Notable quotations from the academic research paper:

"We propose here a theory based on investor mood to offer an integrated explanation for known seasonalities at both the aggregate and cross-sectional levels, and to offer new empirical implications which we also test. In our model, investor positive (negative) mood swings cause periodic optimism (pessimism) in evaluating signals about assets’ systematic and idiosyncratic payoff components. This results in seasonal variation in mispricing and return predictability.
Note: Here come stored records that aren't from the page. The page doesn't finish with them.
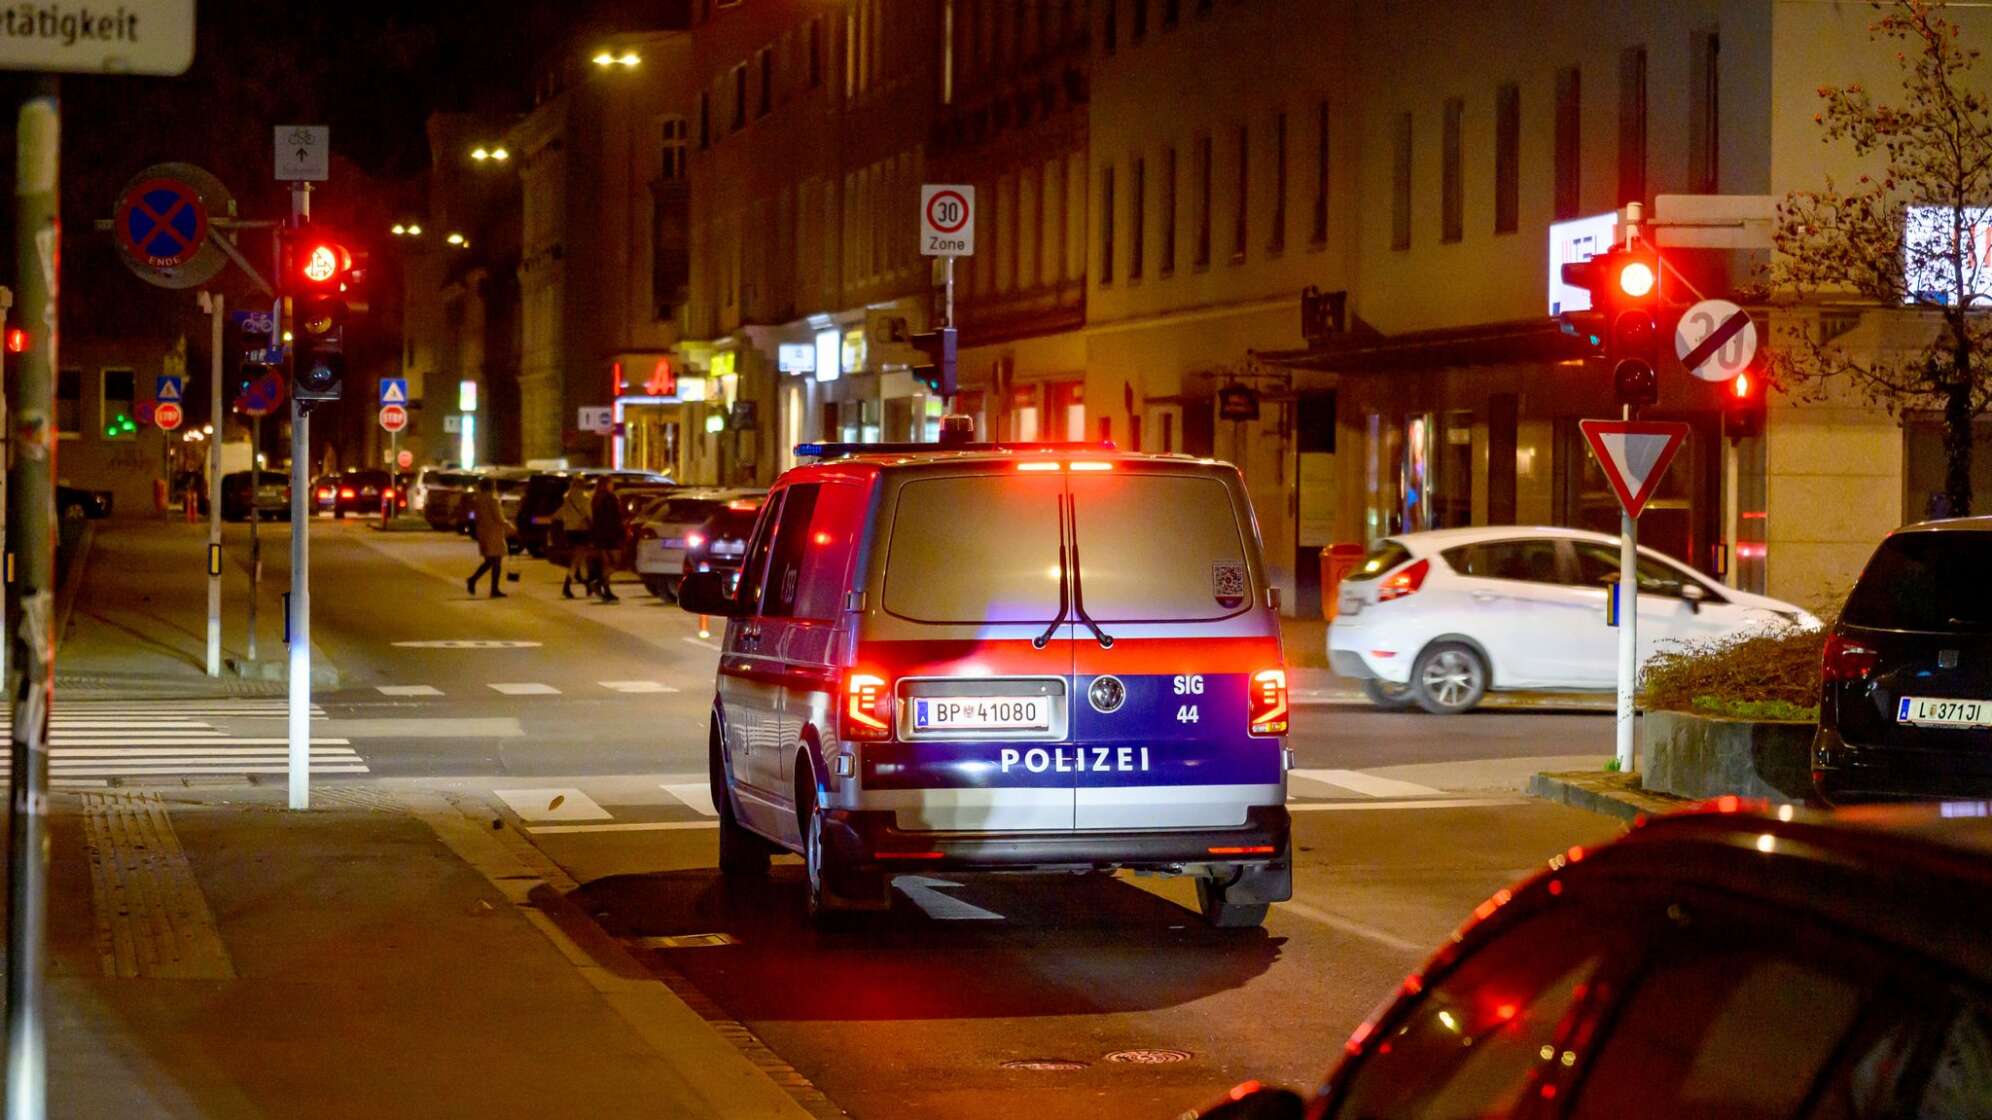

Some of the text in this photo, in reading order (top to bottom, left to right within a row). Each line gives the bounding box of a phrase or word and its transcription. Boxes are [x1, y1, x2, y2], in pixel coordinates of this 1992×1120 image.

[0, 4, 138, 46] tätigkeit
[938, 202, 958, 222] 30
[929, 236, 965, 250] Zone
[148, 255, 181, 267] ENDE
[1173, 675, 1204, 695] SIG
[937, 703, 961, 722] BP
[977, 702, 1036, 722] 41080
[1176, 704, 1199, 724] 44
[1919, 701, 1927, 719] L
[1937, 703, 1982, 722] 371JI
[1000, 746, 1149, 774] POLIZEI
Consistent with the model predictions, we uncover a set of new cross-sectional return seasonalities based on the idea that stocks that have been highly sensitive to seasonal mood fluctuations in the past will also be sensitive in the future. In other words, we argue that some stocks have higher sensitivities to mood changes (higher mood betas) than others, which creates a linkage between mood-driven aggregate seasonalities and seasonalities in the cross-section of returns. In particular, we argue that investor mood varies systematically across calendar months, weekdays, and holidays. In consequence, a mood beta estimated using security returns in seasons with mood changes helps to predict future seasonal returns in other periods in which mood is expected to change.

During our sample period 1963-2015. the average stock excess return (measured by CRSP equal-weighted index return minus the riskfree rate) is highest in January and lowest in October. Thus, we focus on January as a proxy for an investor high-mood state and October for a low-mood state. Using Fama-MacBeth regressions, we verify the finding of Heston and Sadka (2008) for January and October—historical January (October) relative performance tends to persist in future January (October) for the following ten or more years. In our interpretation, stocks that do better than others during one month will tend to do better again in the same month in the future because there is a congruent mood at that time.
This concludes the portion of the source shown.